Jost Werke SE (proper spelling: JOST Werke SE) is a manufacturer of systems for commercial vehicles based in Neu-Isenburg, Germany. Jost Werke is a leading international manufacturer and supplier for the trucking industry. The company focuses on the manufacture of safety-related systems for tractors, semi-trailers and trailers. The company has been listed on the Frankfurt Stock Exchange since July 20, 2017.

== History ==
The company was founded in 1952 as a factory for ball wreaths by Hans Breuer and Joseph Steingass. Four years later, the production of fifth wheels began. As early as 1960, Jost expanded to the UK and to apartheid-era South Africa (plant in Chloorkop). Further expansion followed in the 1970s and 80s – including in Italy, France, the United States, Spain and Australia. To increase capacity, a second plant was built in Wolframs-Eschenbach in Germany in 1980. In 2000, Jost opened its first plant in the United States in Greeneville, Tennessee. One year later, the manufacturer of towbars Rockinger was acquired. Further acquisitions followed in 2008 with the manufacturer of trailer axle steering systems Tridec and in 2015 Mercedes-Benz TrailerAxleSystems. In 2008, Jost, which is considered a hidden champion, was itself acquired by the private equity firm Cinven. The company went public on July 20, 2017, with an IPO. By January 2018, the previous owner Cinven had sold all shares of Jost.
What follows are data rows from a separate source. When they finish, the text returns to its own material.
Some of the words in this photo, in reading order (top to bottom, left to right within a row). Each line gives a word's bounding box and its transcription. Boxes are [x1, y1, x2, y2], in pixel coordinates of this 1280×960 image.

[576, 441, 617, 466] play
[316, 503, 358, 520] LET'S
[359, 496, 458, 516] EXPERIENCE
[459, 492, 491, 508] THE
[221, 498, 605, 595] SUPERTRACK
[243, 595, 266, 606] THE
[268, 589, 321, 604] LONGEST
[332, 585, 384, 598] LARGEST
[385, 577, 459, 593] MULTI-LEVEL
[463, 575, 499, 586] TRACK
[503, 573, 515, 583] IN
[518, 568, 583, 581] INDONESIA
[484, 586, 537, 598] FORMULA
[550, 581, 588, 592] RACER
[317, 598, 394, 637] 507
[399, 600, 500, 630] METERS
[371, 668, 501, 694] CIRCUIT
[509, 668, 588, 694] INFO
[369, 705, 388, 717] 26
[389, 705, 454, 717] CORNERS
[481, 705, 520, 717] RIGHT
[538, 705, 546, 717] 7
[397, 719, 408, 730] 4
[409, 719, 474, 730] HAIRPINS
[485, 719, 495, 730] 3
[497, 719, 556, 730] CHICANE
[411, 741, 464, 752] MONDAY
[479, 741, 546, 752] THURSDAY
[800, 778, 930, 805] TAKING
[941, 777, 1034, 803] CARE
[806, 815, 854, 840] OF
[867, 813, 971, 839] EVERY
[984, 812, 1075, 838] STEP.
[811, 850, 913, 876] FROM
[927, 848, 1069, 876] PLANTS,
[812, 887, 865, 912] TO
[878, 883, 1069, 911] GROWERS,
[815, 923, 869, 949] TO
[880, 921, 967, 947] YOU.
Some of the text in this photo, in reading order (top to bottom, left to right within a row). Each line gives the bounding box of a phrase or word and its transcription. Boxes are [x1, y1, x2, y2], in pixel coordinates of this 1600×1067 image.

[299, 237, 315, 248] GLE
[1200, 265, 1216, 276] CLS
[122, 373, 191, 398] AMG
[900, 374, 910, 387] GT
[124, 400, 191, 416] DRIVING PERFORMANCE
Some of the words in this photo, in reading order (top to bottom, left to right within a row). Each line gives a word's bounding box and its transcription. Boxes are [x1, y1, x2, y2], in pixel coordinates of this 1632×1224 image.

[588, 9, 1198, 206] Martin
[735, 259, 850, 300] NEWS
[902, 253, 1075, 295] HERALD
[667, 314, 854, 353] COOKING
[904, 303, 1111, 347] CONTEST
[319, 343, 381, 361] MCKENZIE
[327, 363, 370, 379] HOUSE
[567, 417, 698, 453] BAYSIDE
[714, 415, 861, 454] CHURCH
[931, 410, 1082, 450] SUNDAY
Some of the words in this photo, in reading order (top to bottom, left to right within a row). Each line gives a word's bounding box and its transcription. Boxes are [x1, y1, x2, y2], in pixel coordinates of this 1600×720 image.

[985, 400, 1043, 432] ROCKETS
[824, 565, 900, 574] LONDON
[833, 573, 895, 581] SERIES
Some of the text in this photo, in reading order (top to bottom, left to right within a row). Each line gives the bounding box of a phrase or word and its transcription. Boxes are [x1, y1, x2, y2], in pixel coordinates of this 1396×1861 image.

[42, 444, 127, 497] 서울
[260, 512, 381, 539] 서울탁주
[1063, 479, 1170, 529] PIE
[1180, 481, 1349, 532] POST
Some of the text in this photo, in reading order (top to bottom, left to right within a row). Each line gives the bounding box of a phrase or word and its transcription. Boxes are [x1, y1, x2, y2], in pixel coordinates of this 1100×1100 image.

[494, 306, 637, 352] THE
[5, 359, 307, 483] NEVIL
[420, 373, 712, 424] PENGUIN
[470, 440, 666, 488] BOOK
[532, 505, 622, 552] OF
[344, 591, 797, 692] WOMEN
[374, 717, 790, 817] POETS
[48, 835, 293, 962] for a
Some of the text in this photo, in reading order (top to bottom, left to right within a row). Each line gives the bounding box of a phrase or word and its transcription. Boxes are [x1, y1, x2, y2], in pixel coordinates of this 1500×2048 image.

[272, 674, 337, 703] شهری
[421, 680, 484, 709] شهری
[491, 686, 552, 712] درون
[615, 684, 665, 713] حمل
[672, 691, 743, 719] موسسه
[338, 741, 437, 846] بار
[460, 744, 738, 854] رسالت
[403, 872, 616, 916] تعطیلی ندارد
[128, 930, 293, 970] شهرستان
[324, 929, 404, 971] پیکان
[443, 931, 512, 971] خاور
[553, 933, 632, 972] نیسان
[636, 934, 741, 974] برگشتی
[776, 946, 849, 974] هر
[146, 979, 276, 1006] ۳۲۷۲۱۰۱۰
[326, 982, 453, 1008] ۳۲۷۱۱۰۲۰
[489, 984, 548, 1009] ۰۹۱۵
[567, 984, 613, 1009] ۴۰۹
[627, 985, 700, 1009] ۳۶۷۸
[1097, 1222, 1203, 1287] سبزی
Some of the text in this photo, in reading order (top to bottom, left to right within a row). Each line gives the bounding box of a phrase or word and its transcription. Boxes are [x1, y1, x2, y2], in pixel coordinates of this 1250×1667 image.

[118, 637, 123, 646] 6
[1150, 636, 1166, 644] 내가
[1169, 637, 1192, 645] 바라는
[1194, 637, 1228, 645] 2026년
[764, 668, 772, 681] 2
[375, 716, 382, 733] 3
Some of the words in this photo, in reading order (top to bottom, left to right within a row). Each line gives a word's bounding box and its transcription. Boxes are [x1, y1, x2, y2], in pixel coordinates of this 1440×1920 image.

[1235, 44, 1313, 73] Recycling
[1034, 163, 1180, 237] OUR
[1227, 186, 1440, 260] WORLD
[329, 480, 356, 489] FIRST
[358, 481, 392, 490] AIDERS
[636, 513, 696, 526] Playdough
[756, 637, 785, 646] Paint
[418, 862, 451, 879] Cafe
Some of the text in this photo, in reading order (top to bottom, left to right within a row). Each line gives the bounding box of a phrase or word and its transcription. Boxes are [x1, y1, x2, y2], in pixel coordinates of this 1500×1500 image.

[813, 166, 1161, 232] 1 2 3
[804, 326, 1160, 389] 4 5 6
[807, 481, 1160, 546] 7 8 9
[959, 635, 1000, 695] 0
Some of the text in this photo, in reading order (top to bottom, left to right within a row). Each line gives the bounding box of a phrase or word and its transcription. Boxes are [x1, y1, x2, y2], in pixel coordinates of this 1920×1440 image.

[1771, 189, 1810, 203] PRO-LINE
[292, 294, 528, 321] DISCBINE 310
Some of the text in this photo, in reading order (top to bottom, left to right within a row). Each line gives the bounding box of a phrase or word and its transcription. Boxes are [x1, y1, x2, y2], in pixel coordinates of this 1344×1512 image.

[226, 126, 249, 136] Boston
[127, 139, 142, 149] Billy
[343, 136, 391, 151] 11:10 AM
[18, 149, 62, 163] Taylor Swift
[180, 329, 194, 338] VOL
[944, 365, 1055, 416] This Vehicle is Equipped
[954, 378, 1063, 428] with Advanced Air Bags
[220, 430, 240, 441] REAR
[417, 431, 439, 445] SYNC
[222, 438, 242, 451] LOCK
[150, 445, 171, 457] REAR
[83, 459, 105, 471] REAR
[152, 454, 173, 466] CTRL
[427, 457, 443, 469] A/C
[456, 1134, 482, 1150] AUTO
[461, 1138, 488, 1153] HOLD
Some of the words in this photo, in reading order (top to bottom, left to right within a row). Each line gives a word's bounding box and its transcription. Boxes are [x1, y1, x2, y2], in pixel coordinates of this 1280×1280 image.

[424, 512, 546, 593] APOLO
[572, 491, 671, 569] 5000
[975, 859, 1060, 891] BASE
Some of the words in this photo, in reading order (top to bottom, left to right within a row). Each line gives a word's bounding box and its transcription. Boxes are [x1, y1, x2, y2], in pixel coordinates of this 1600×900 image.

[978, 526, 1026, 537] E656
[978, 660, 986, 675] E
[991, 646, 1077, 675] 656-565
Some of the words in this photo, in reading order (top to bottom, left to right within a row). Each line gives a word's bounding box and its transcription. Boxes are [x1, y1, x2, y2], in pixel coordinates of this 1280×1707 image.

The company has been listed on the SDAX since March 19, 2018. The takeover of the Swedish company Ålö Holding AB, which specializes in agricultural front loaders, took place in 2020.

== Locations ==
Jost has sales offices and production facilities in over 20 countries on five continents. The head office is located in Neu-Isenburg. Other production sites in Germany are Wolframs-Eschenbach and Waltershausen (production and sales).